### GOAL OF THE EXERCISE
Could you reproduce every record below exactly as it stands?

Text-to-region grounding data

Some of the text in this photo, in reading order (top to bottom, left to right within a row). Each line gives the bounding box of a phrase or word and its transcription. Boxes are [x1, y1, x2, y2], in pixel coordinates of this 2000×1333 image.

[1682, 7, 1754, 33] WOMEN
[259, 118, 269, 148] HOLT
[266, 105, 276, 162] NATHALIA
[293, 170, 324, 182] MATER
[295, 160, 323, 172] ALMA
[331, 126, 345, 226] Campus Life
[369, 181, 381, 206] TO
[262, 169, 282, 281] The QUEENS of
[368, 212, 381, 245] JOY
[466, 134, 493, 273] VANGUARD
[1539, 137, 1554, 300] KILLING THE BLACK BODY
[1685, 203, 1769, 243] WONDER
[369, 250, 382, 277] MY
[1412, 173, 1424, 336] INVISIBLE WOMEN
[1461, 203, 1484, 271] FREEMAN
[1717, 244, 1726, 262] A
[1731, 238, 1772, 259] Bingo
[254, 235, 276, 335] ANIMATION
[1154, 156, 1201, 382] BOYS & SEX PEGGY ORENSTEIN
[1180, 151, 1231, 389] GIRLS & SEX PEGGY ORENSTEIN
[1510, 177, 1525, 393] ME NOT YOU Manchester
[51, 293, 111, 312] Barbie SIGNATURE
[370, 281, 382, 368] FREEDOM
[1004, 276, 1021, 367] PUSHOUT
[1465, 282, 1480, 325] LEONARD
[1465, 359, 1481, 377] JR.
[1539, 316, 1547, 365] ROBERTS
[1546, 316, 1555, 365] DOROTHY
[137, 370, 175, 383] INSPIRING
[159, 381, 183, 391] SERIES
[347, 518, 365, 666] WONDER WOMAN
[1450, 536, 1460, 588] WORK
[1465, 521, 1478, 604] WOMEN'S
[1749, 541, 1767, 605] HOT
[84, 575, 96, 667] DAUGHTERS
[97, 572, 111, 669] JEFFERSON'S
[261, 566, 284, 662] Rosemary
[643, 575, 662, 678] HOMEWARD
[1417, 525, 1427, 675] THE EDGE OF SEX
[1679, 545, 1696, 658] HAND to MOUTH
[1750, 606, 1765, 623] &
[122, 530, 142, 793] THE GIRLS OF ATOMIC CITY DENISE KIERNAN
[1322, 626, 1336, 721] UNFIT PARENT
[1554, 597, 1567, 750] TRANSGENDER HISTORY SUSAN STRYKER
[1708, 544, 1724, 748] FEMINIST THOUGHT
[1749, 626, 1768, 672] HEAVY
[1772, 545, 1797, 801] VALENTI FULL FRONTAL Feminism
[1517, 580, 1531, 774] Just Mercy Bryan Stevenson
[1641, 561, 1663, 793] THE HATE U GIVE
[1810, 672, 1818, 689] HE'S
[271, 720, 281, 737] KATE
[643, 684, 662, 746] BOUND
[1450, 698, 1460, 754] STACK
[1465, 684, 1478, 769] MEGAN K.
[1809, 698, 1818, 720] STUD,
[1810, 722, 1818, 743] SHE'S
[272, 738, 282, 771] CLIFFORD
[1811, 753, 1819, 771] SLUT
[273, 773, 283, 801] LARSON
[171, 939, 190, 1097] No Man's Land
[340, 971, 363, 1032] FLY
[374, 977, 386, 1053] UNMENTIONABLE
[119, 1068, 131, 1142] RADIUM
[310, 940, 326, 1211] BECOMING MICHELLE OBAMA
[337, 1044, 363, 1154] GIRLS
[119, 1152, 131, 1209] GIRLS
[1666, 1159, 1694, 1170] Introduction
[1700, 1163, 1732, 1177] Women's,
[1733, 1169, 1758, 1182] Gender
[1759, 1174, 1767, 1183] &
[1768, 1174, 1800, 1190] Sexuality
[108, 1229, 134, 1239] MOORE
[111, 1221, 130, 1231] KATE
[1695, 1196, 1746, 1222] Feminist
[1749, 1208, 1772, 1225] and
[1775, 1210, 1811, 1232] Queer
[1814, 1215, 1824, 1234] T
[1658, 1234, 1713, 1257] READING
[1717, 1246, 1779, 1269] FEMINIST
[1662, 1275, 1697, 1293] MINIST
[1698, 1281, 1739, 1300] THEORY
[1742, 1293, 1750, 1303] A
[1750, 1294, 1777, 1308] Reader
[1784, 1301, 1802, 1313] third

### WRITTEN SOLUTION
Some of the text in this photo, in reading order (top to bottom, left to right within a row). Each line gives the bounding box of a phrase or word and its transcription. Boxes are [x1, y1, x2, y2], in pixel coordinates of this 2000×1333 image.

[1682, 7, 1754, 33] WOMEN
[259, 118, 269, 148] HOLT
[266, 105, 276, 162] NATHALIA
[293, 170, 324, 182] MATER
[295, 160, 323, 172] ALMA
[331, 126, 345, 226] Campus Life
[369, 181, 381, 206] TO
[262, 169, 282, 281] The QUEENS of
[368, 212, 381, 245] JOY
[466, 134, 493, 273] VANGUARD
[1539, 137, 1554, 300] KILLING THE BLACK BODY
[1685, 203, 1769, 243] WONDER
[369, 250, 382, 277] MY
[1412, 173, 1424, 336] INVISIBLE WOMEN
[1461, 203, 1484, 271] FREEMAN
[1717, 244, 1726, 262] A
[1731, 238, 1772, 259] Bingo
[254, 235, 276, 335] ANIMATION
[1154, 156, 1201, 382] BOYS & SEX PEGGY ORENSTEIN
[1180, 151, 1231, 389] GIRLS & SEX PEGGY ORENSTEIN
[1510, 177, 1525, 393] ME NOT YOU Manchester
[51, 293, 111, 312] Barbie SIGNATURE
[370, 281, 382, 368] FREEDOM
[1004, 276, 1021, 367] PUSHOUT
[1465, 282, 1480, 325] LEONARD
[1465, 359, 1481, 377] JR.
[1539, 316, 1547, 365] ROBERTS
[1546, 316, 1555, 365] DOROTHY
[137, 370, 175, 383] INSPIRING
[159, 381, 183, 391] SERIES
[347, 518, 365, 666] WONDER WOMAN
[1450, 536, 1460, 588] WORK
[1465, 521, 1478, 604] WOMEN'S
[1749, 541, 1767, 605] HOT
[84, 575, 96, 667] DAUGHTERS
[97, 572, 111, 669] JEFFERSON'S
[261, 566, 284, 662] Rosemary
[643, 575, 662, 678] HOMEWARD
[1417, 525, 1427, 675] THE EDGE OF SEX
[1679, 545, 1696, 658] HAND to MOUTH
[1750, 606, 1765, 623] &
[122, 530, 142, 793] THE GIRLS OF ATOMIC CITY DENISE KIERNAN
[1322, 626, 1336, 721] UNFIT PARENT
[1554, 597, 1567, 750] TRANSGENDER HISTORY SUSAN STRYKER
[1708, 544, 1724, 748] FEMINIST THOUGHT
[1749, 626, 1768, 672] HEAVY
[1772, 545, 1797, 801] VALENTI FULL FRONTAL Feminism
[1517, 580, 1531, 774] Just Mercy Bryan Stevenson
[1641, 561, 1663, 793] THE HATE U GIVE
[1810, 672, 1818, 689] HE'S
[271, 720, 281, 737] KATE
[643, 684, 662, 746] BOUND
[1450, 698, 1460, 754] STACK
[1465, 684, 1478, 769] MEGAN K.
[1809, 698, 1818, 720] STUD,
[1810, 722, 1818, 743] SHE'S
[272, 738, 282, 771] CLIFFORD
[1811, 753, 1819, 771] SLUT
[273, 773, 283, 801] LARSON
[171, 939, 190, 1097] No Man's Land
[340, 971, 363, 1032] FLY
[374, 977, 386, 1053] UNMENTIONABLE
[119, 1068, 131, 1142] RADIUM
[310, 940, 326, 1211] BECOMING MICHELLE OBAMA
[337, 1044, 363, 1154] GIRLS
[119, 1152, 131, 1209] GIRLS
[1666, 1159, 1694, 1170] Introduction
[1700, 1163, 1732, 1177] Women's,
[1733, 1169, 1758, 1182] Gender
[1759, 1174, 1767, 1183] &
[1768, 1174, 1800, 1190] Sexuality
[108, 1229, 134, 1239] MOORE
[111, 1221, 130, 1231] KATE
[1695, 1196, 1746, 1222] Feminist
[1749, 1208, 1772, 1225] and
[1775, 1210, 1811, 1232] Queer
[1814, 1215, 1824, 1234] T
[1658, 1234, 1713, 1257] READING
[1717, 1246, 1779, 1269] FEMINIST
[1662, 1275, 1697, 1293] MINIST
[1698, 1281, 1739, 1300] THEORY
[1742, 1293, 1750, 1303] A
[1750, 1294, 1777, 1308] Reader
[1784, 1301, 1802, 1313] third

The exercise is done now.